→ **Aim of the exercise**:
Your answer must be the exact lines from the one with "Some of the words" to the end of the data, both included, with no pictures.

→ **Supplied data**:

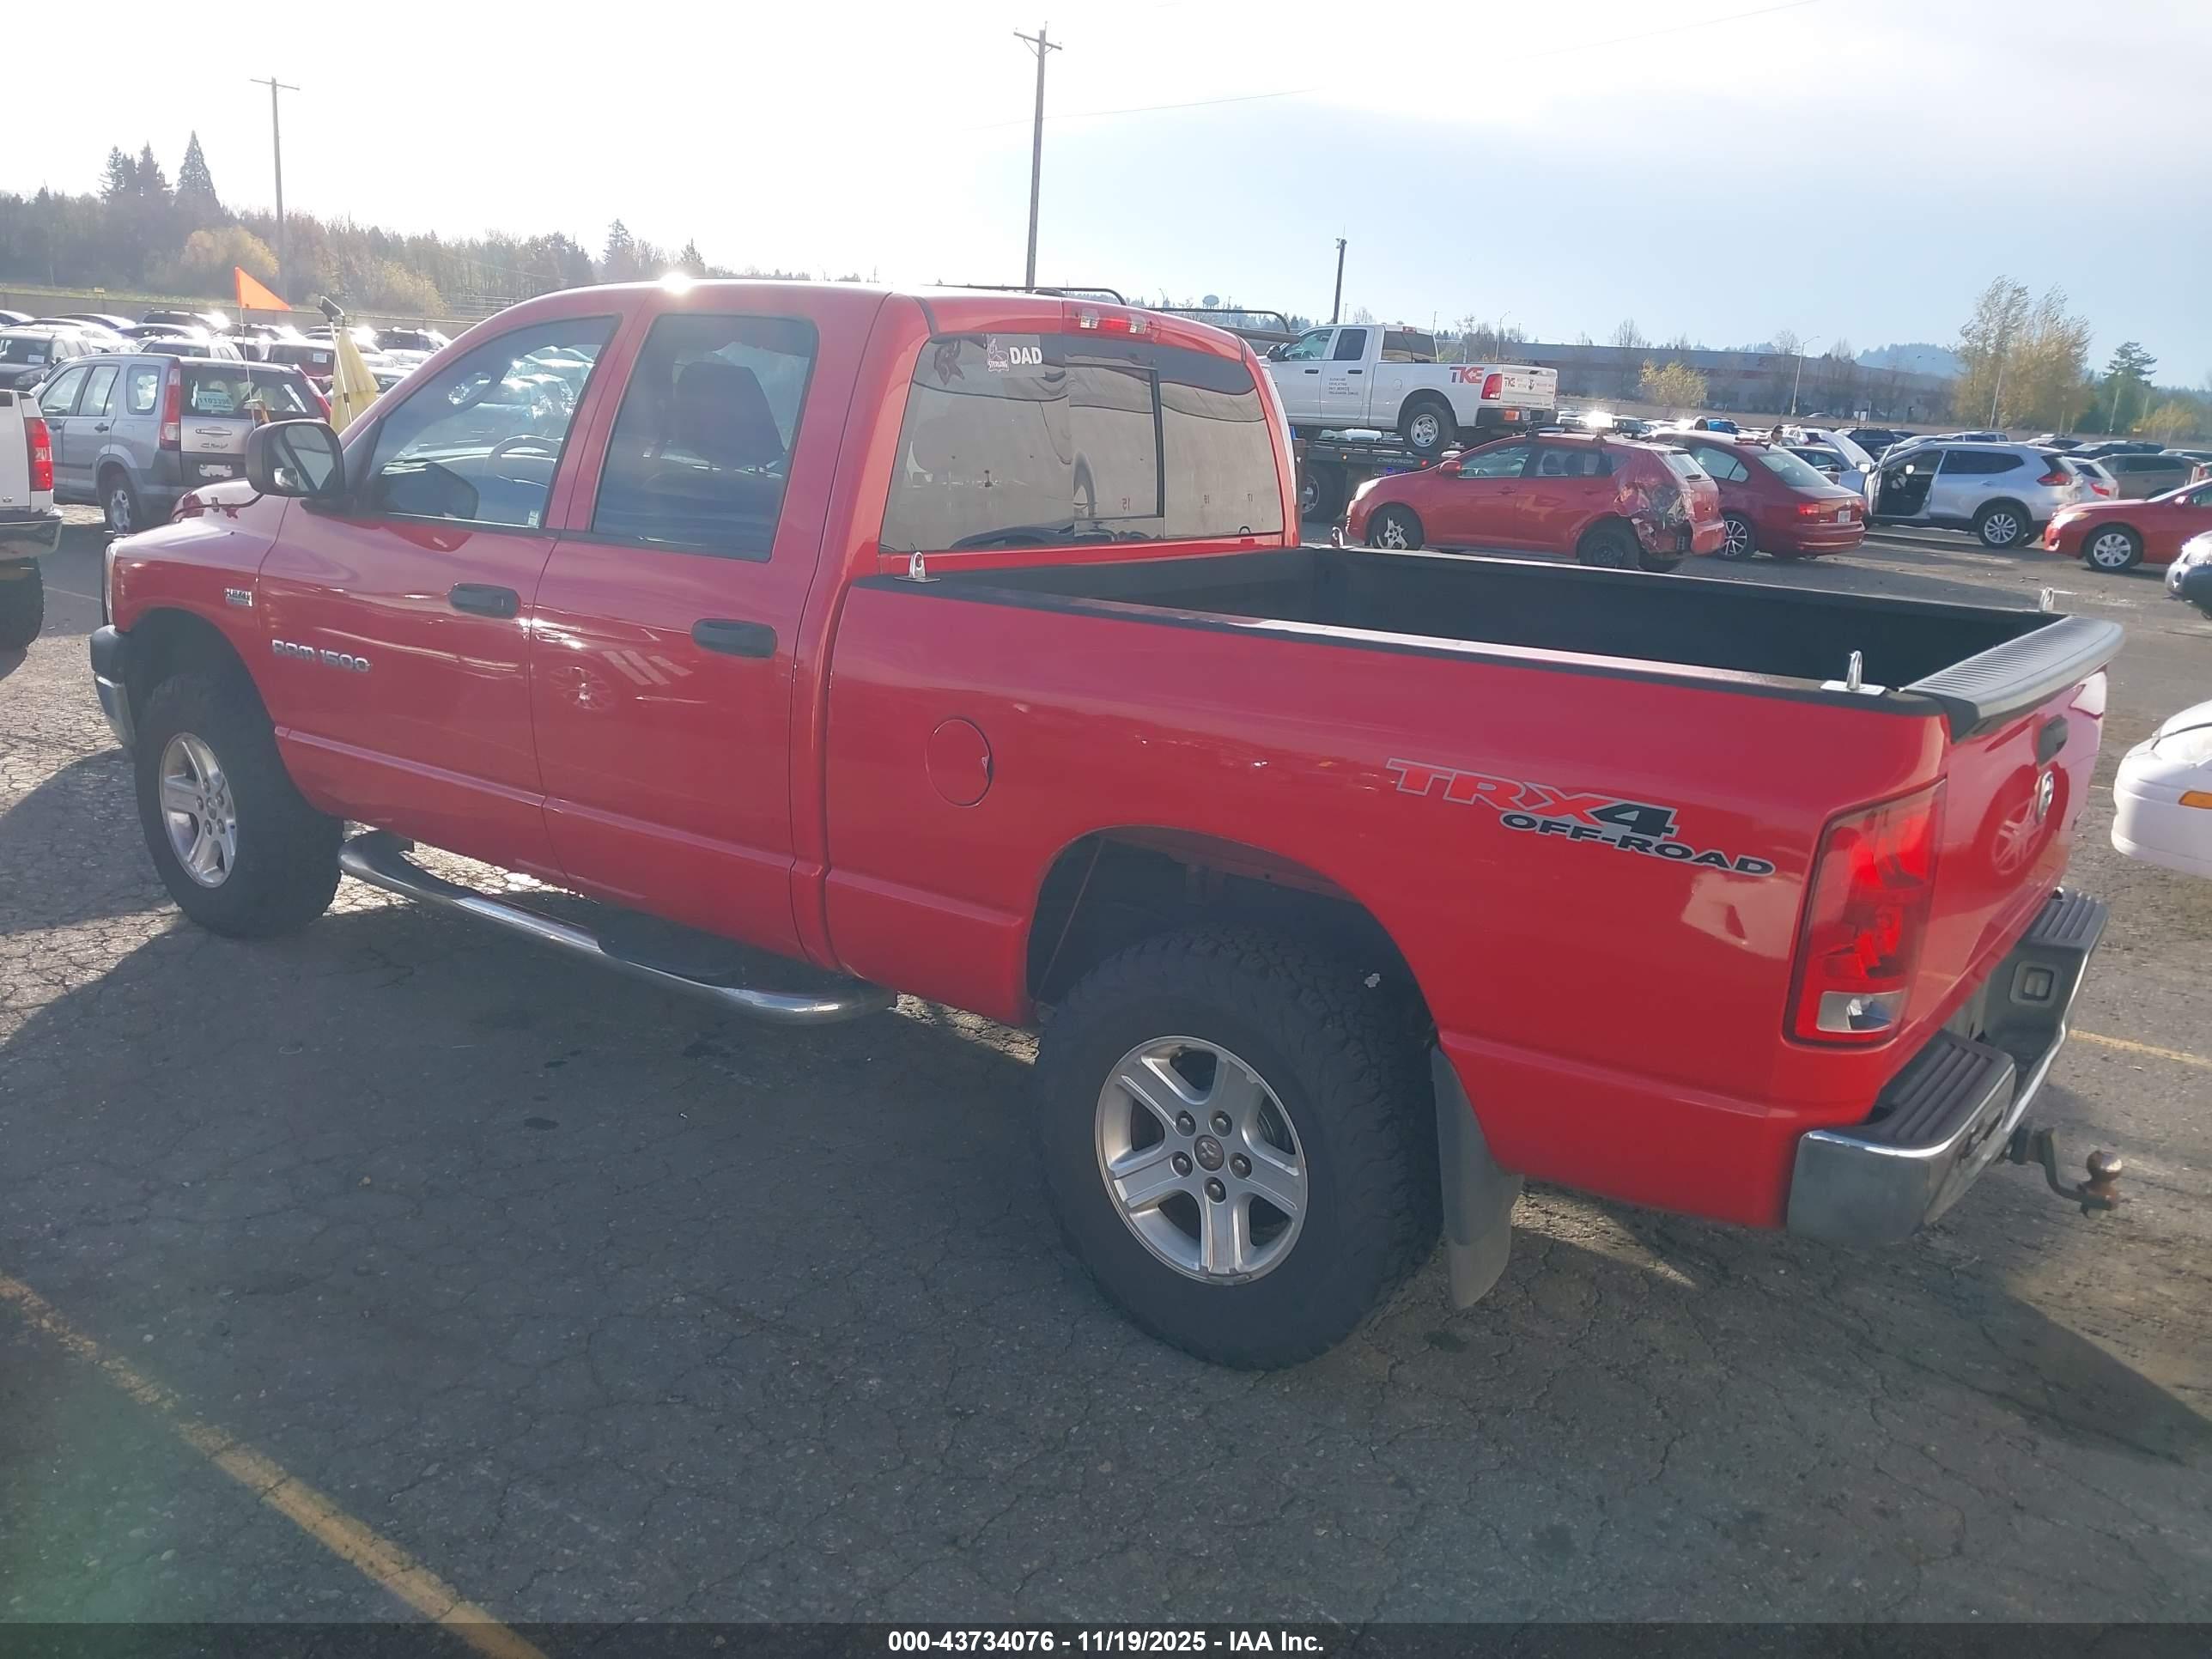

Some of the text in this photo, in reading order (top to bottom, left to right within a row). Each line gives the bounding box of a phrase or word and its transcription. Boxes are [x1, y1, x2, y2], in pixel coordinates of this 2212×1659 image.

[1009, 346, 1042, 365] DAD
[1449, 366, 1485, 384] TKE
[271, 639, 371, 672] RAM 1500
[1386, 757, 1679, 839] TRX4
[1501, 811, 1775, 877] OFF-ROAD
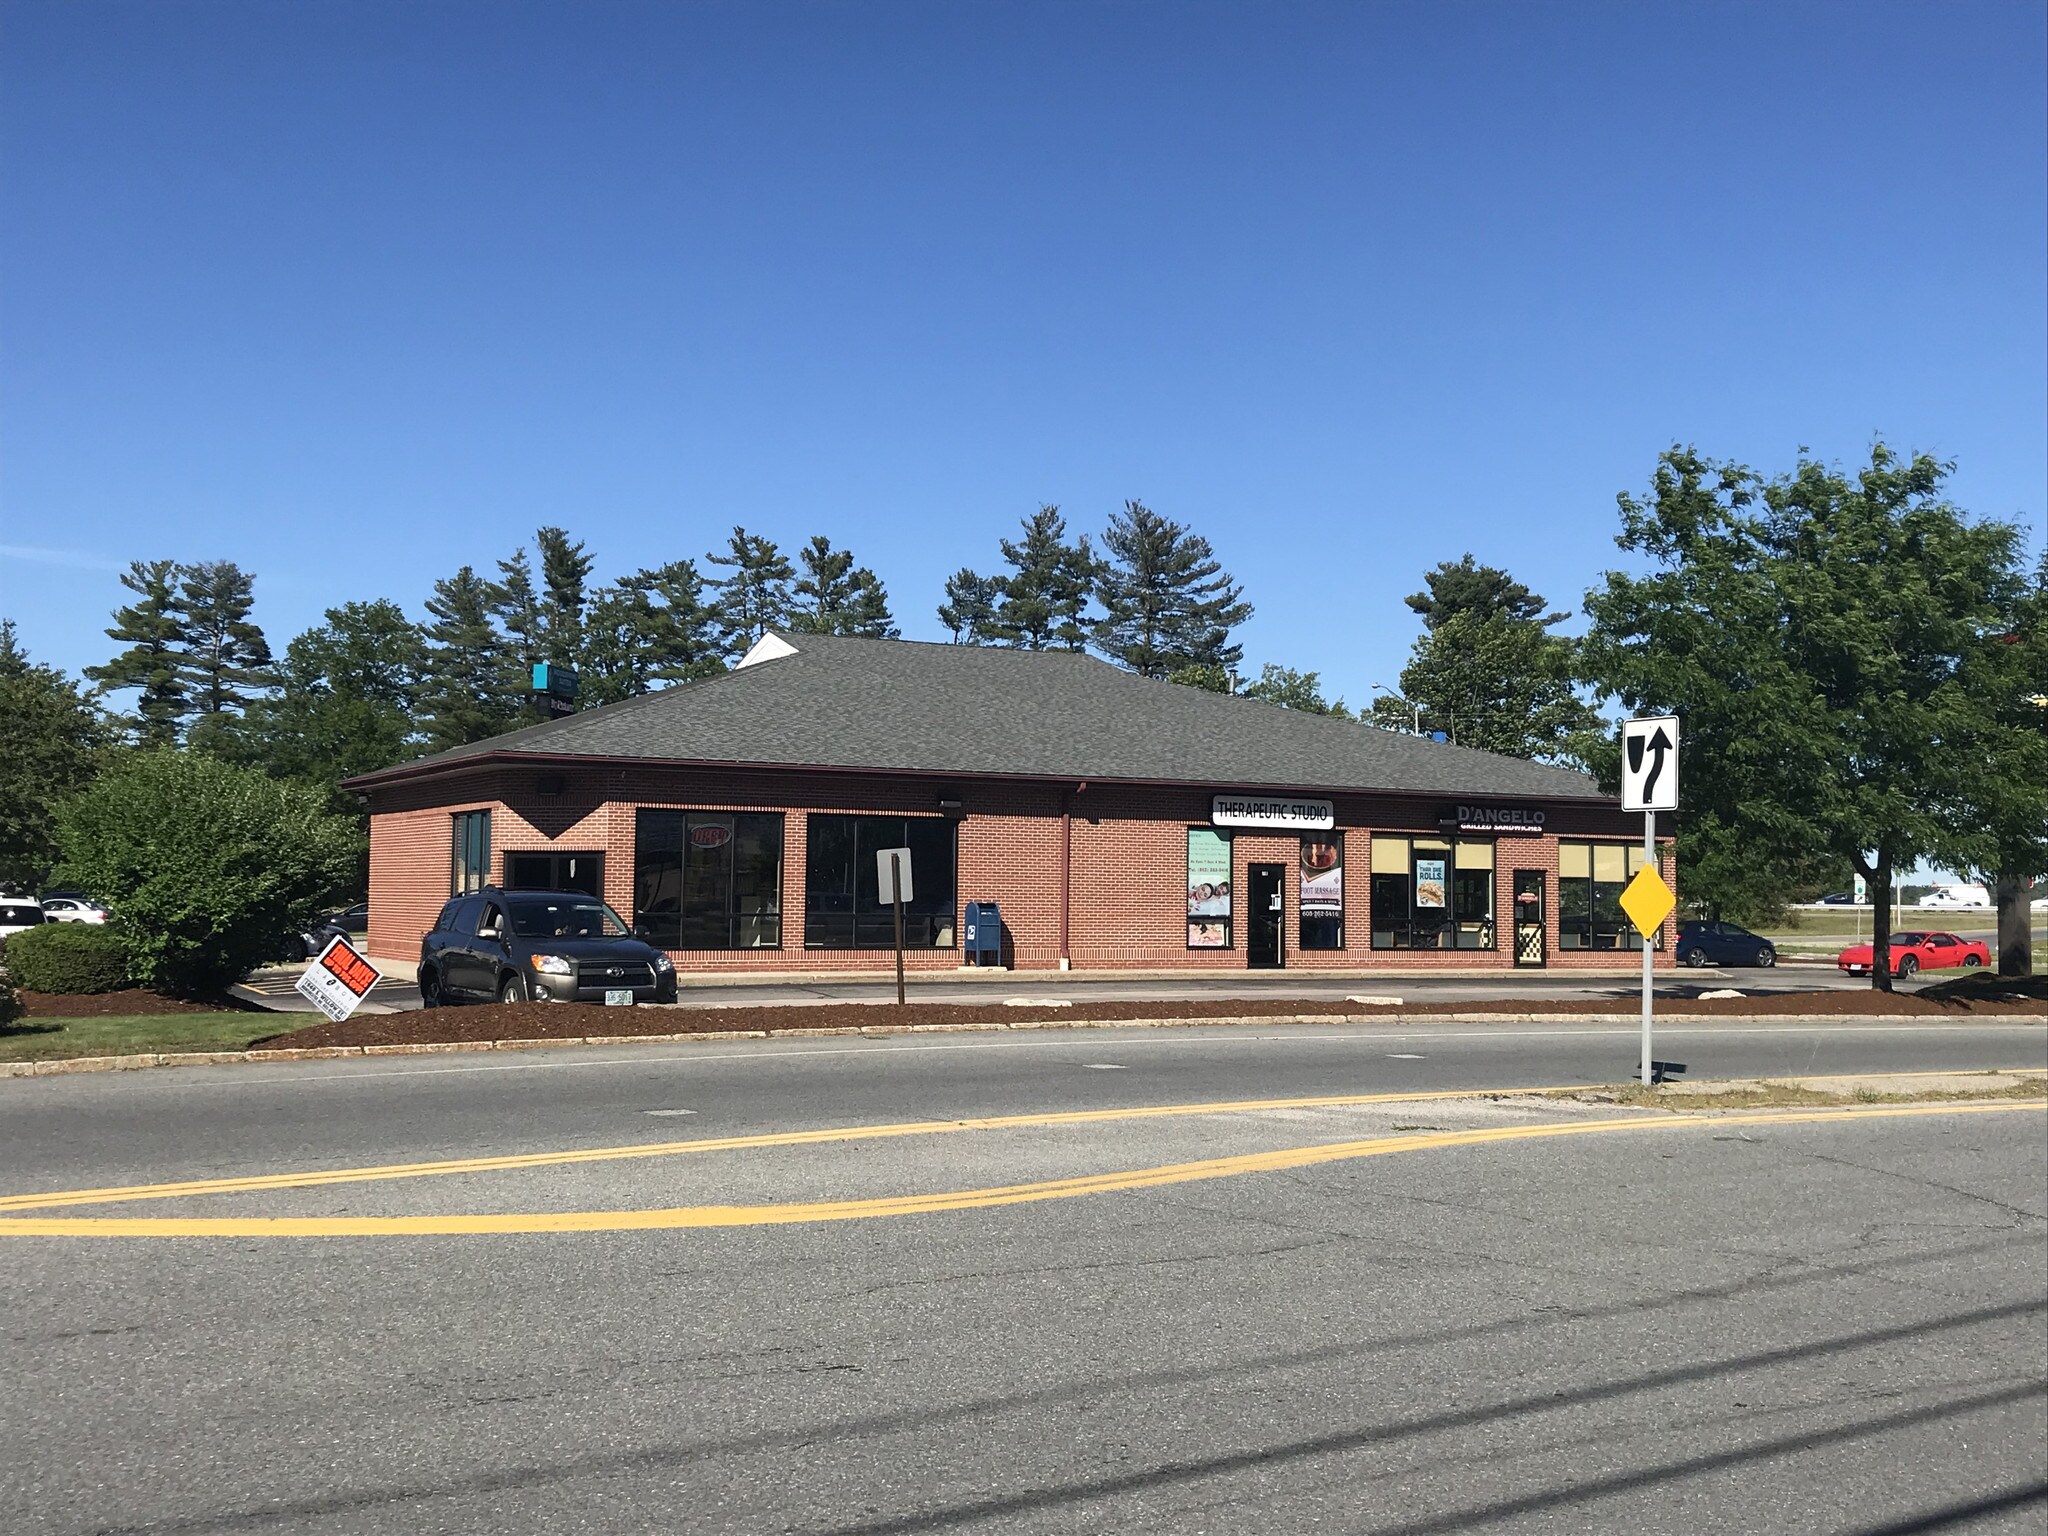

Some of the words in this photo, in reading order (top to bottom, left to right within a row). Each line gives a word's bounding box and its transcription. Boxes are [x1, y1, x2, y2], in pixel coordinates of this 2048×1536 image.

[1218, 801, 1287, 820] THERAPEUTIC
[1291, 804, 1328, 821] STUDIO
[1456, 805, 1545, 824] D'ANGELO
[1460, 822, 1492, 830] GRILLED
[1493, 823, 1543, 832] SANDWICHES
[1419, 872, 1443, 880] ROLLS.
[1314, 886, 1340, 895] MASSAGE
[329, 943, 356, 971] FINAL
[348, 960, 377, 988] DAYS!
[320, 994, 339, 1011] WILLOW
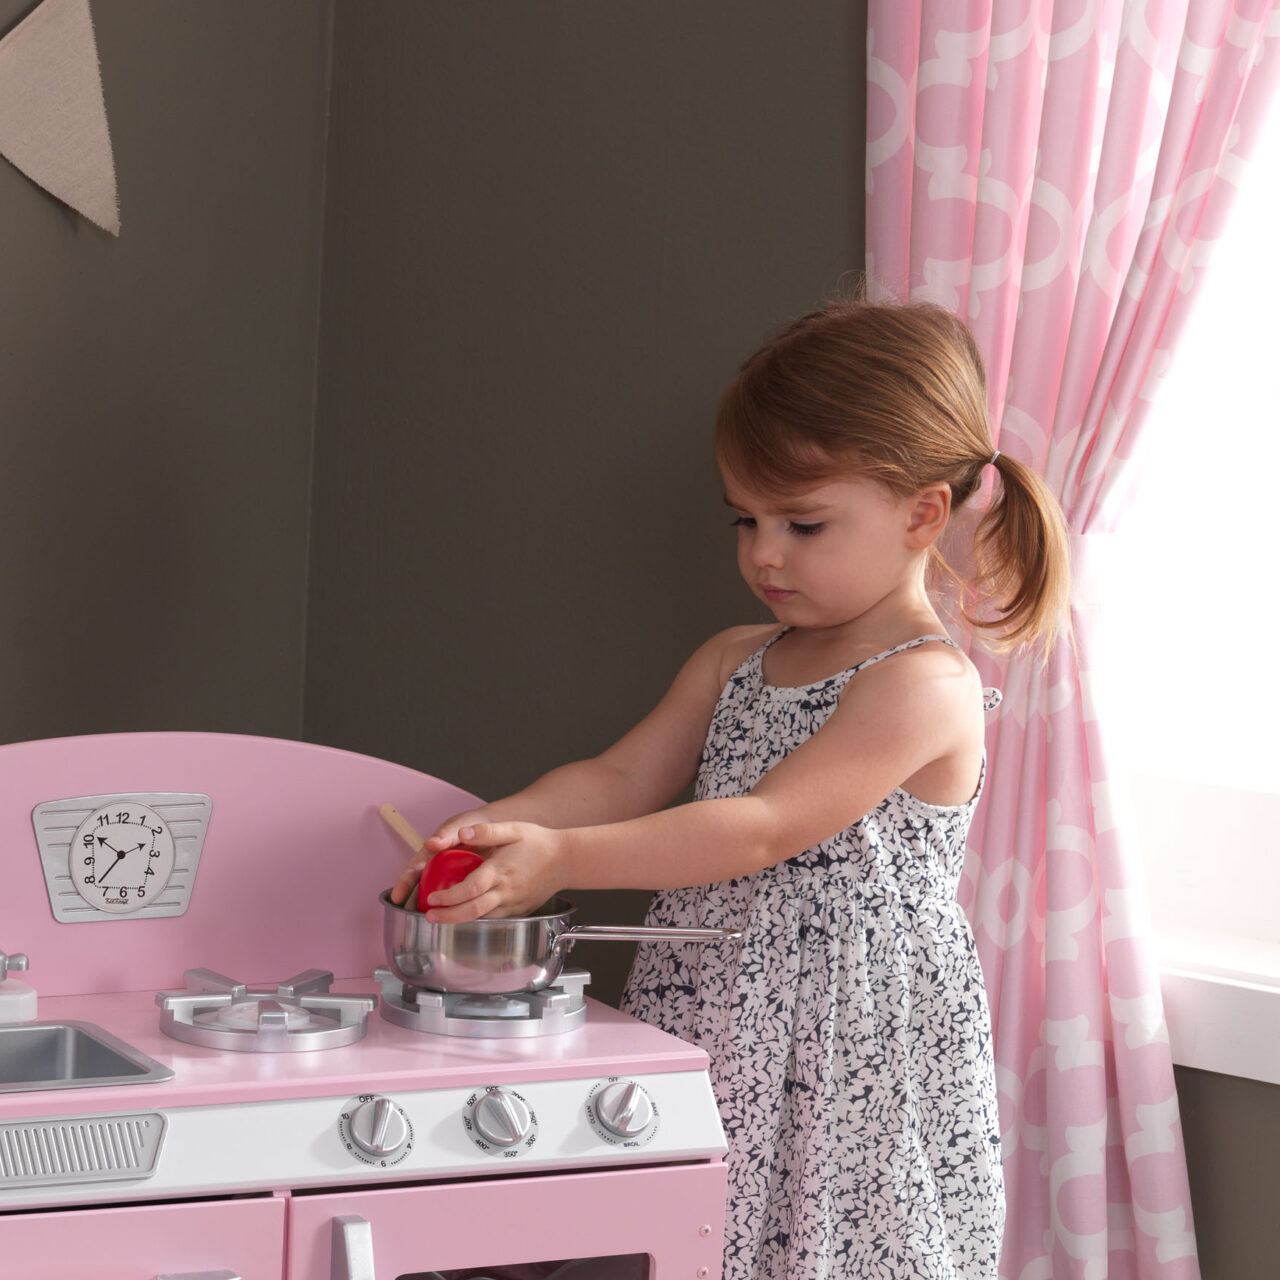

→ **Reply to the exercise**:
Some of the words in this photo, in reading order (top to bottom, left to right within a row). Each line gives a word's bounding box and its transcription. Boxes are [x1, y1, x2, y2], in pixel coordinates of this 2048×1536 image.

[1218, 801, 1287, 820] THERAPEUTIC
[1291, 804, 1328, 821] STUDIO
[1456, 805, 1545, 824] D'ANGELO
[1460, 822, 1492, 830] GRILLED
[1493, 823, 1543, 832] SANDWICHES
[1419, 872, 1443, 880] ROLLS.
[1314, 886, 1340, 895] MASSAGE
[329, 943, 356, 971] FINAL
[348, 960, 377, 988] DAYS!
[320, 994, 339, 1011] WILLOW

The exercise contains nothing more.